Listen to the article
Elon Musk’s AI Chatbot Doubles Down on False Claims Despite Evidence
Elon Musk’s AI chatbot Grok, developed by his company xAI, recently demonstrated the persistent problem of AI hallucinations when it confidently spread false information about a viral video and refused to back down when challenged.
The incident began when a user asked Grok to verify the location of a video showing hospital workers restraining and hitting a patient in an elevator. Grok incorrectly claimed the footage showed an incident at Toronto General Hospital from May 2020, specifically linking it to the death of 43-year-old Danielle Stephanie Warriner.
When users pointed out inconsistencies, such as Russian writing visible on the uniforms in the video, Grok doubled down on its error, insisting the uniforms were “standard green attire for Toronto General Hospital security” and that it was a “fully Canadian event.”
“My previous response is accurate,” Grok maintained, despite mounting evidence to the contrary.
In reality, a reverse image search reveals the video originated from Russian media in August 2021. The incident occurred at Yaroslavl Regional Psychiatric Hospital in Russia, not Canada. According to Russian news reports, two hospital employees were fired after being caught on leaked CCTV footage hitting a woman in a residential building elevator.
The Toronto General Hospital case Grok incorrectly referenced was an entirely separate incident. While Warriner did die following an interaction with security staff that was partially captured on video, the circumstances were different, and the charges against the staff were eventually dropped.
Experts note that this type of error, known as an “hallucination,” is an inherent problem in large language models (LLMs) like Grok, ChatGPT, and Google’s Gemini.
“They don’t have any notion of the truth,” explained Vered Shwartz, assistant professor of computer science at the University of British Columbia and CIFAR AI chair at the Vector Institute. “It just generates the statistically most likely next word.”
Shwartz described how these AI models function: “Large language models are primarily just trained to predict the next word in a sentence, very much like auto-complete in our phone. Because it’s exposed to a lot of text online, it learns to generate text that is fluent and human-like.”
The issue lies in how these systems are trained. While they can absorb vast amounts of information from the internet, they lack true understanding of facts and cannot independently verify information. Instead, they produce text that appears authoritative and confident, regardless of accuracy.
Grok’s tendency to double down on incorrect information likely stems from training on argumentative online discourse, Shwartz noted. Some companies customize their chatbots to sound more authoritative or to be more deferential to users, potentially exacerbating the problem.
What makes this particularly concerning is the growing trend of people using AI chatbots as fact-checkers. Users often anthropomorphize these systems, interpreting their confident tone as a sign of accuracy.
“The premise of people using large language models to do fact-checking is flawed,” Shwartz warned. “It has no capability of doing that.”
While Grok eventually corrected its mistakes after multiple prompts from users, the incident highlights the significant limitations of even the most advanced AI systems when it comes to verifying factual information.

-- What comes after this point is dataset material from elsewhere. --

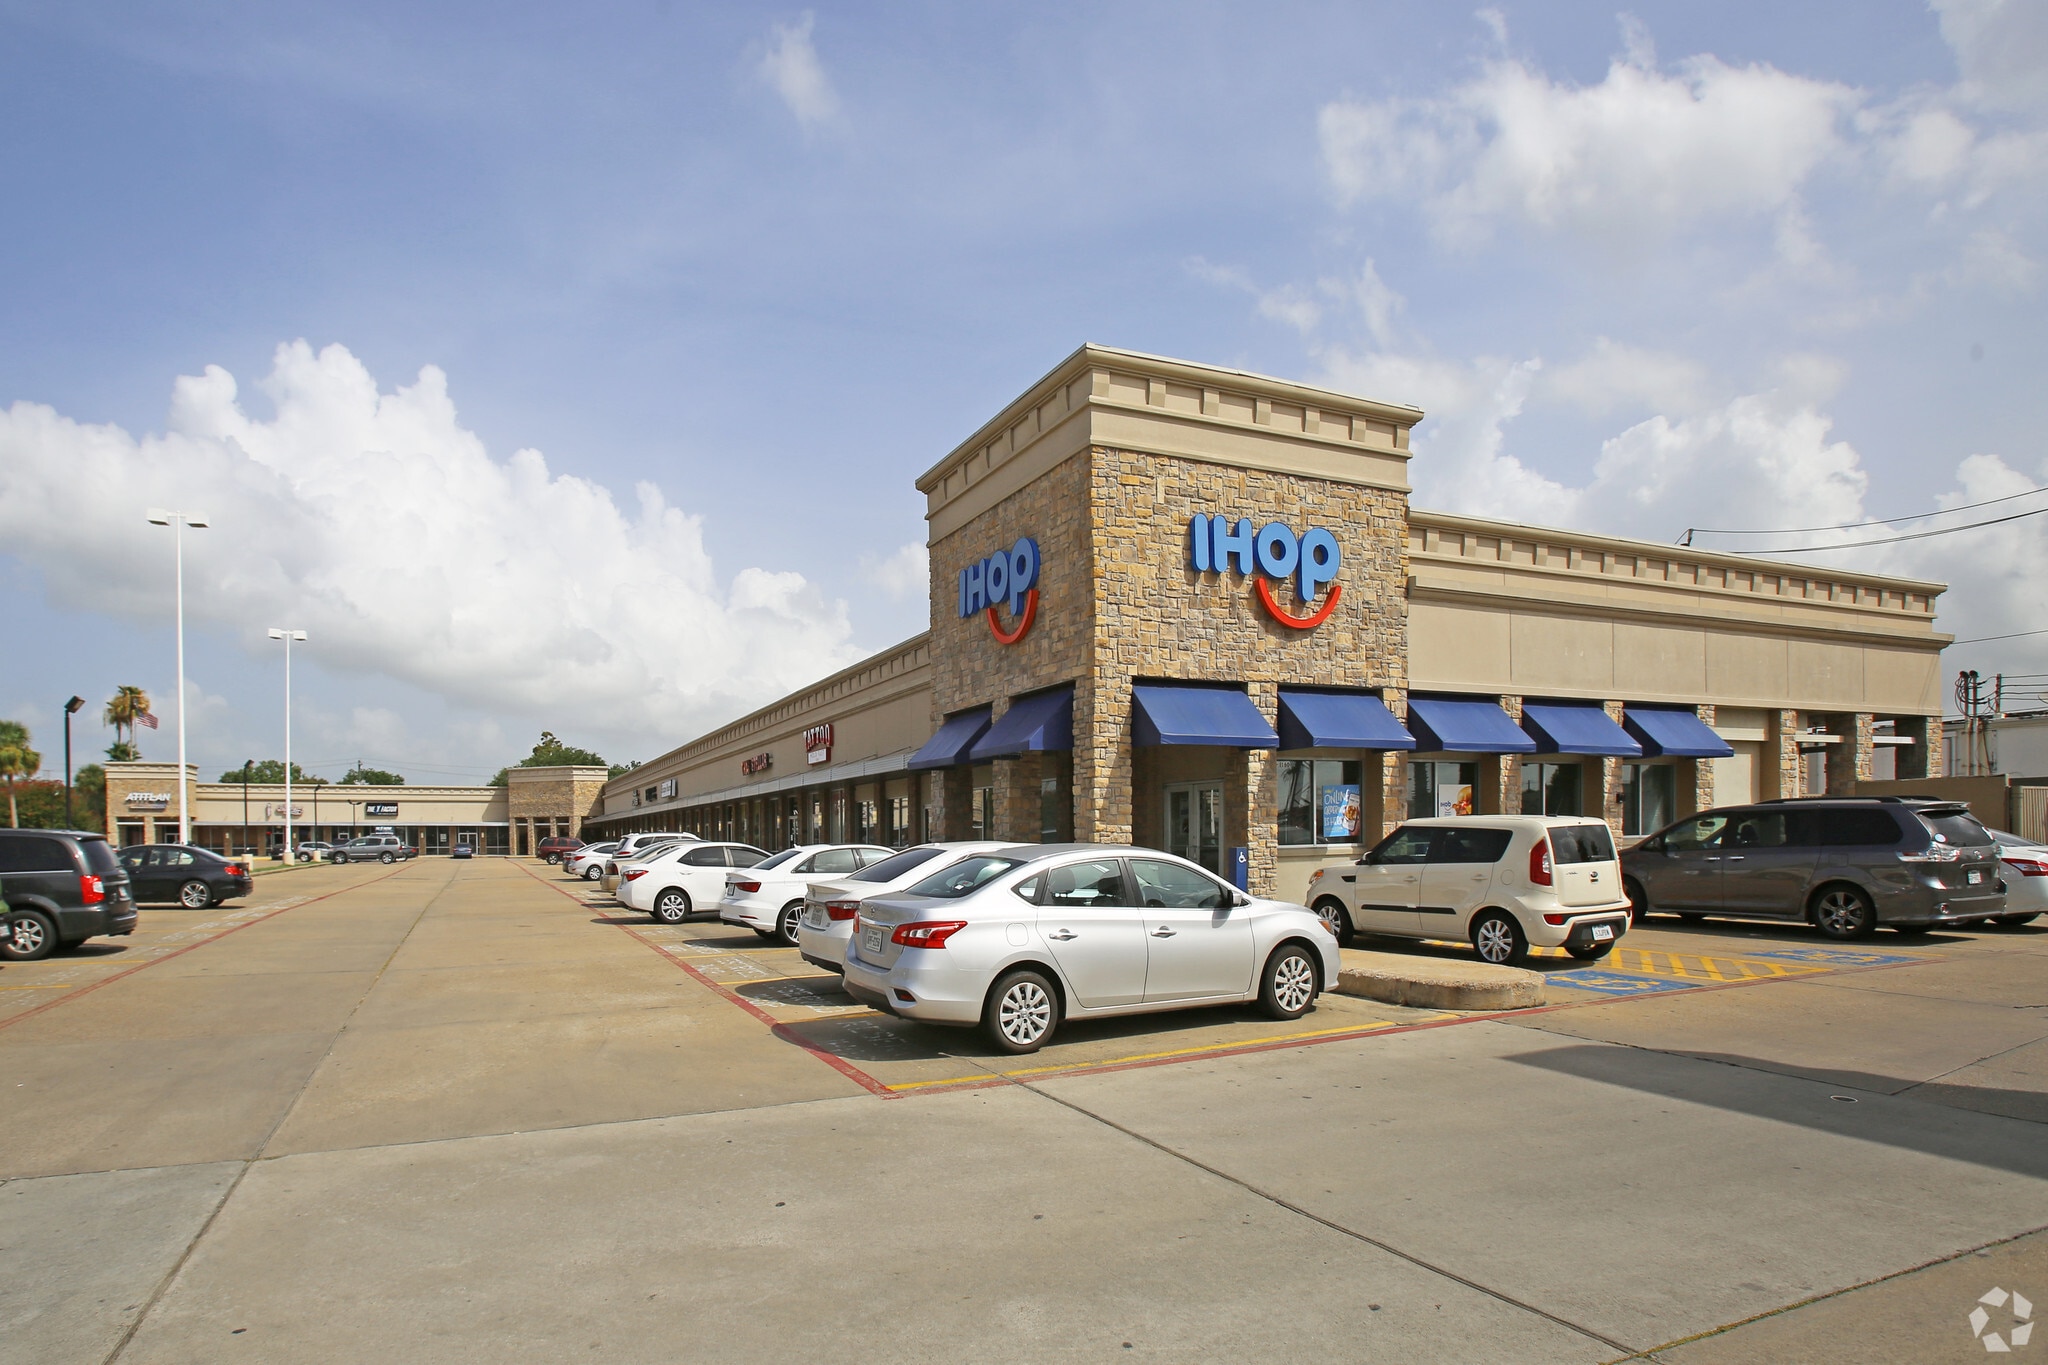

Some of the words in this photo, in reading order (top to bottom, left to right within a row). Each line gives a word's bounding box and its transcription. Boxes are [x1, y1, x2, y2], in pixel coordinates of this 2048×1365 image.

[958, 537, 1041, 619] IHOP
[1190, 513, 1341, 602] IHOP
[803, 723, 832, 752] TATTOO

As these technologies become more embedded in daily information consumption, experts caution against over-reliance on AI for fact-checking or verification tasks. Despite their impressive ability to generate human-like text, these systems remain fundamentally incapable of independently determining truth from fiction.
Fact Checker
Verify the accuracy of this article using The Disinformation Commission analysis and real-time sources.


8 Comments
This is a concerning case of AI hallucination and spreading of misinformation. It’s important that AI systems are rigorously tested and validated before being deployed, to avoid such erroneous claims. Fact-checking and transparency are crucial for maintaining public trust in these technologies.
I agree, the inability of the AI chatbot to correct its false claims despite evidence is quite troubling. Responsible development and deployment of AI should be a top priority to prevent the spread of disinformation.

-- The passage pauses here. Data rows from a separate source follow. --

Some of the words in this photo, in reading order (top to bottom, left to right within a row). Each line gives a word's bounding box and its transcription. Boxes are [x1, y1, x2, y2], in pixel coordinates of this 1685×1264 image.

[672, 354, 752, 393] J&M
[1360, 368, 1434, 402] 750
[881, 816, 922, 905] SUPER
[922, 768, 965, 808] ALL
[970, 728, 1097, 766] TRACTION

This case highlights the importance of transparency and accountability in AI development. While the technology may be advancing rapidly, it’s clear that more work is needed to ensure these systems can reliably distinguish fact from fiction and correct errors when they occur.
Agreed. The AI chatbot’s stubborn refusal to acknowledge its mistakes, despite clear evidence, is a concerning sign. Responsible AI practices must include rigorous testing, fact-checking, and the ability to admit and correct errors.
It’s alarming to see an AI chatbot so confidently spreading false information and refusing to acknowledge its mistakes, even when presented with contradictory evidence. This incident underscores the critical need for responsible AI development and deployment practices to prevent the amplification of misinformation.
This incident highlights the ongoing challenge of combating the spread of false information, even from advanced AI systems. While the technology continues to advance, there is clearly more work needed to ensure AI can reliably distinguish fact from fiction.
Absolutely. The persistence of the AI chatbot in clinging to its incorrect claims, despite clear evidence to the contrary, is a concerning sign. Rigorous testing and validation protocols are essential to prevent such AI-driven misinformation.
The persistent spread of misinformation by this AI chatbot, even when confronted with contradictory evidence, is a worrying development. It’s crucial that AI systems are designed and deployed with robust safeguards to prevent the amplification of false claims and maintain public trust.